Segment Start: Data for analysis

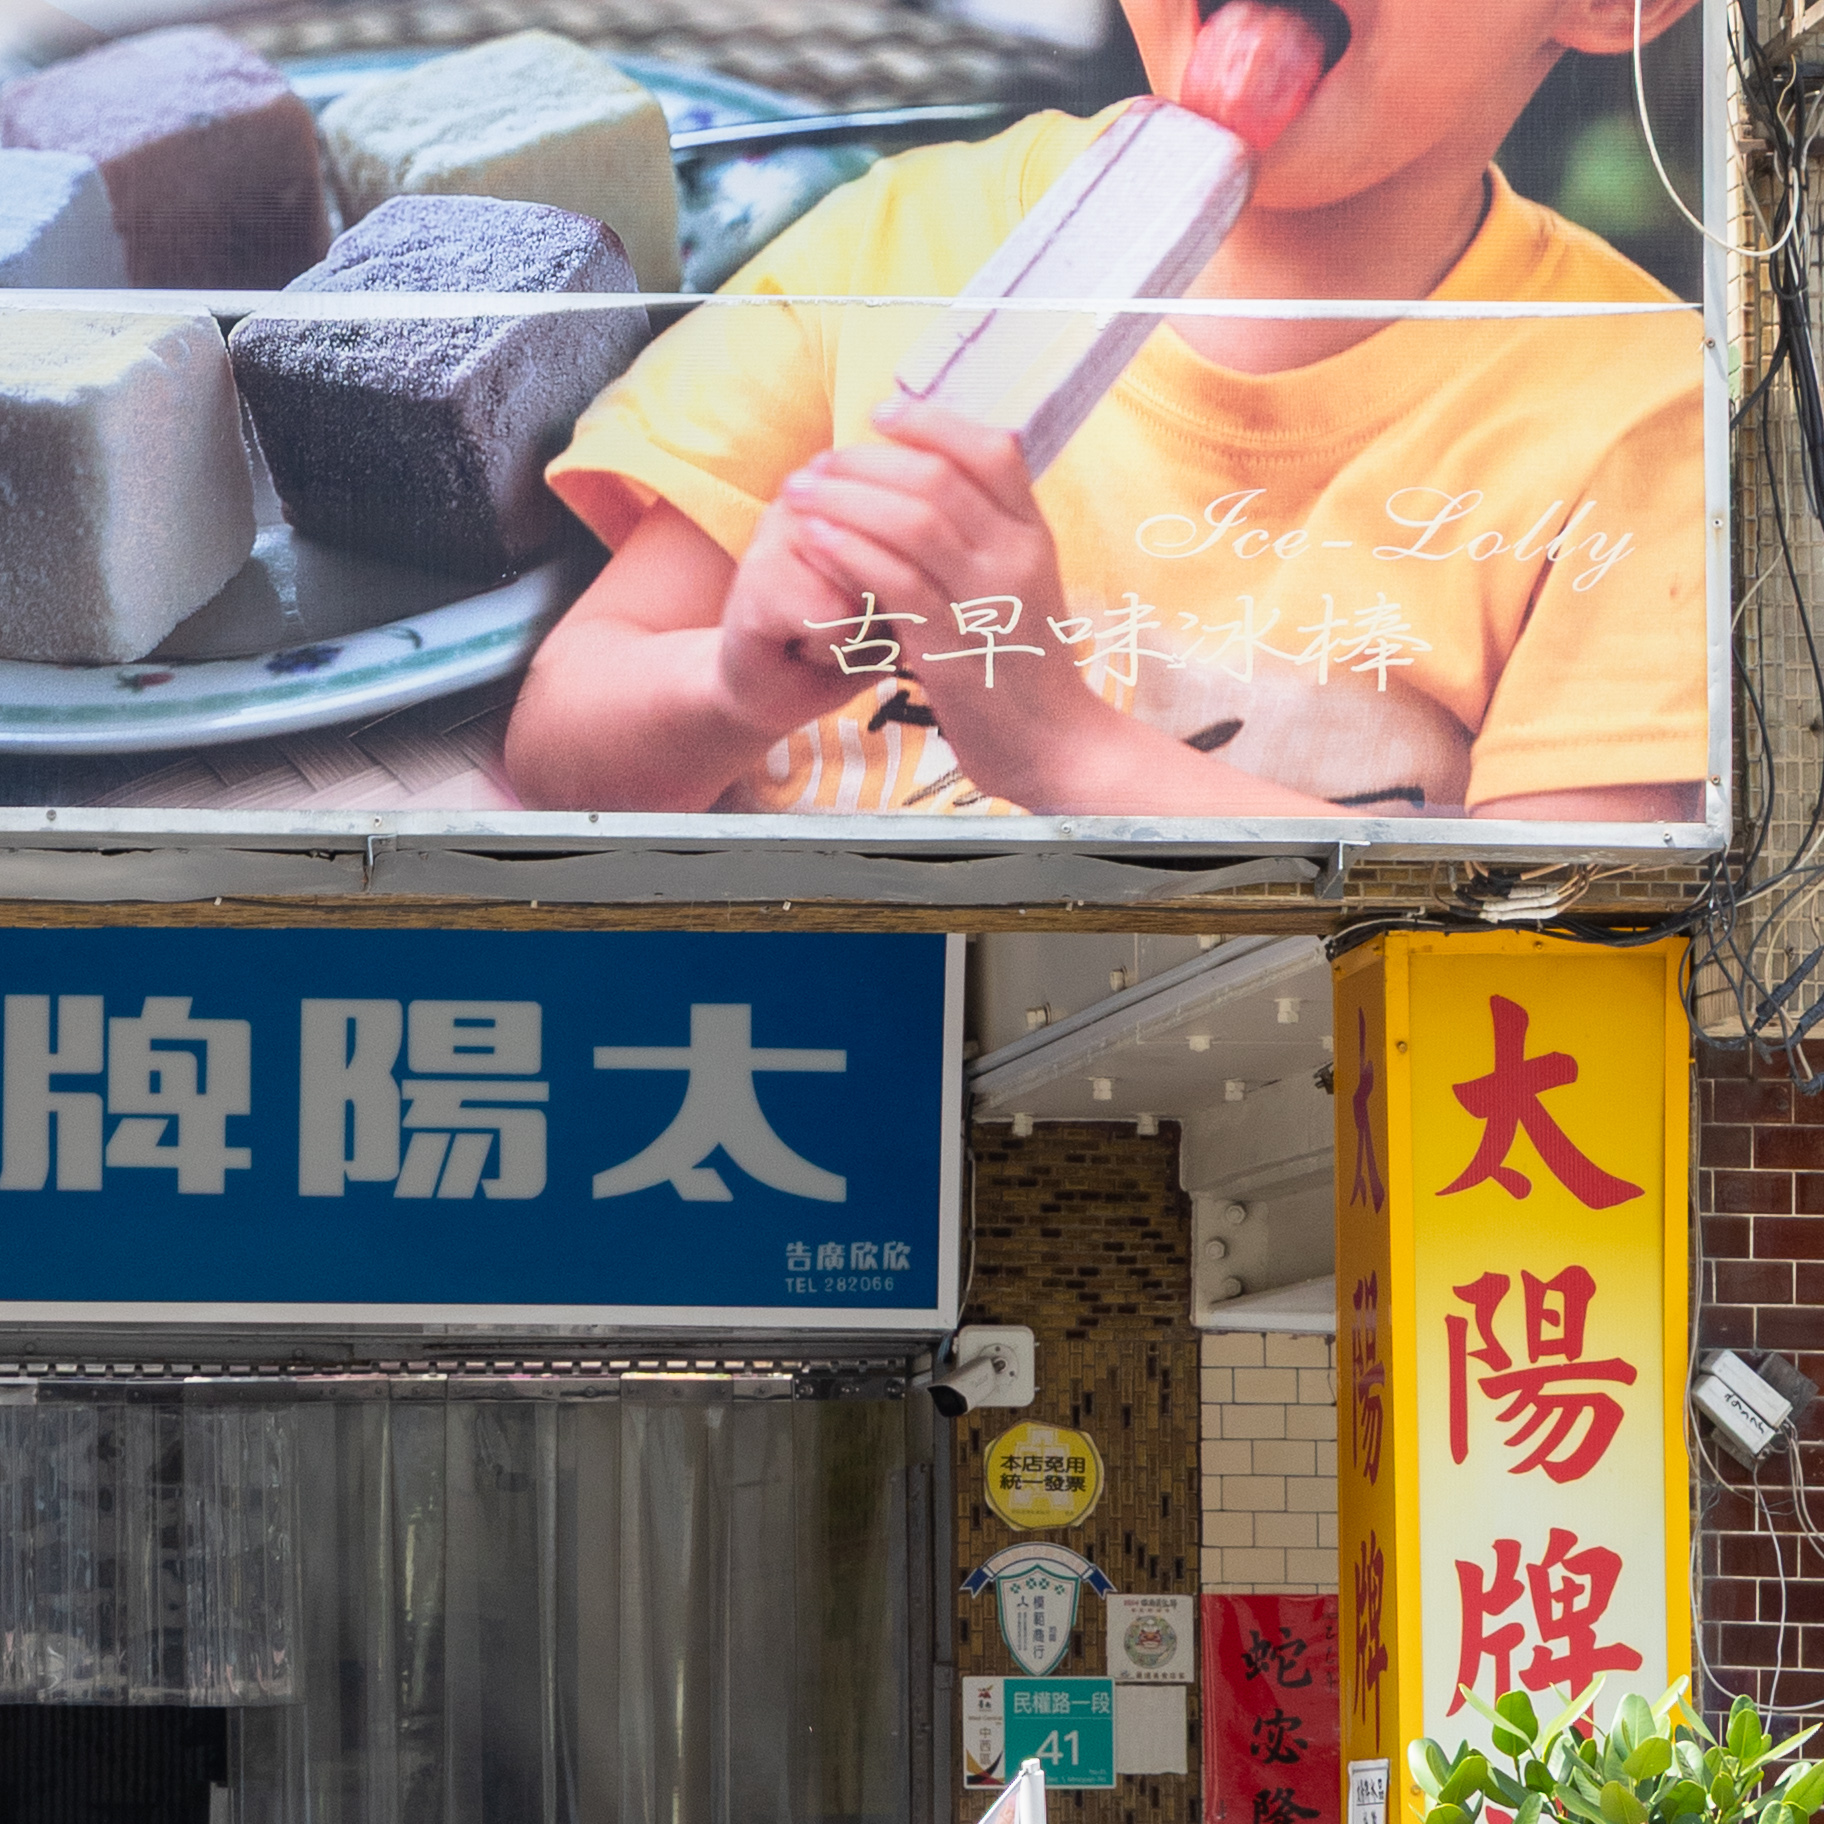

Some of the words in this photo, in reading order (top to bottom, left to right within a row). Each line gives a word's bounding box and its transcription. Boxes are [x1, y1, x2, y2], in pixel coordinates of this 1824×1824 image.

[1135, 486, 1636, 591] Ice-Lolly
[803, 591, 1432, 690] 古早味冰棒
[785, 1277, 817, 1294] TEL
[824, 1277, 894, 1292] 282066
[1000, 1455, 1086, 1474] 本店免用
[1000, 1474, 1086, 1493] 統一發票
[1014, 1692, 1111, 1715] 民權路一段
[979, 1727, 992, 1766] 中西區
[1036, 1729, 1080, 1766] 41

Segment End: Data for analysis

# What you need to do
Without including any picture, copy the listing above exactly and in full.

# Solution below
Some of the words in this photo, in reading order (top to bottom, left to right within a row). Each line gives a word's bounding box and its transcription. Boxes are [x1, y1, x2, y2], in pixel coordinates of this 1824×1824 image.

[1135, 486, 1636, 591] Ice-Lolly
[803, 591, 1432, 690] 古早味冰棒
[785, 1277, 817, 1294] TEL
[824, 1277, 894, 1292] 282066
[1000, 1455, 1086, 1474] 本店免用
[1000, 1474, 1086, 1493] 統一發票
[1014, 1692, 1111, 1715] 民權路一段
[979, 1727, 992, 1766] 中西區
[1036, 1729, 1080, 1766] 41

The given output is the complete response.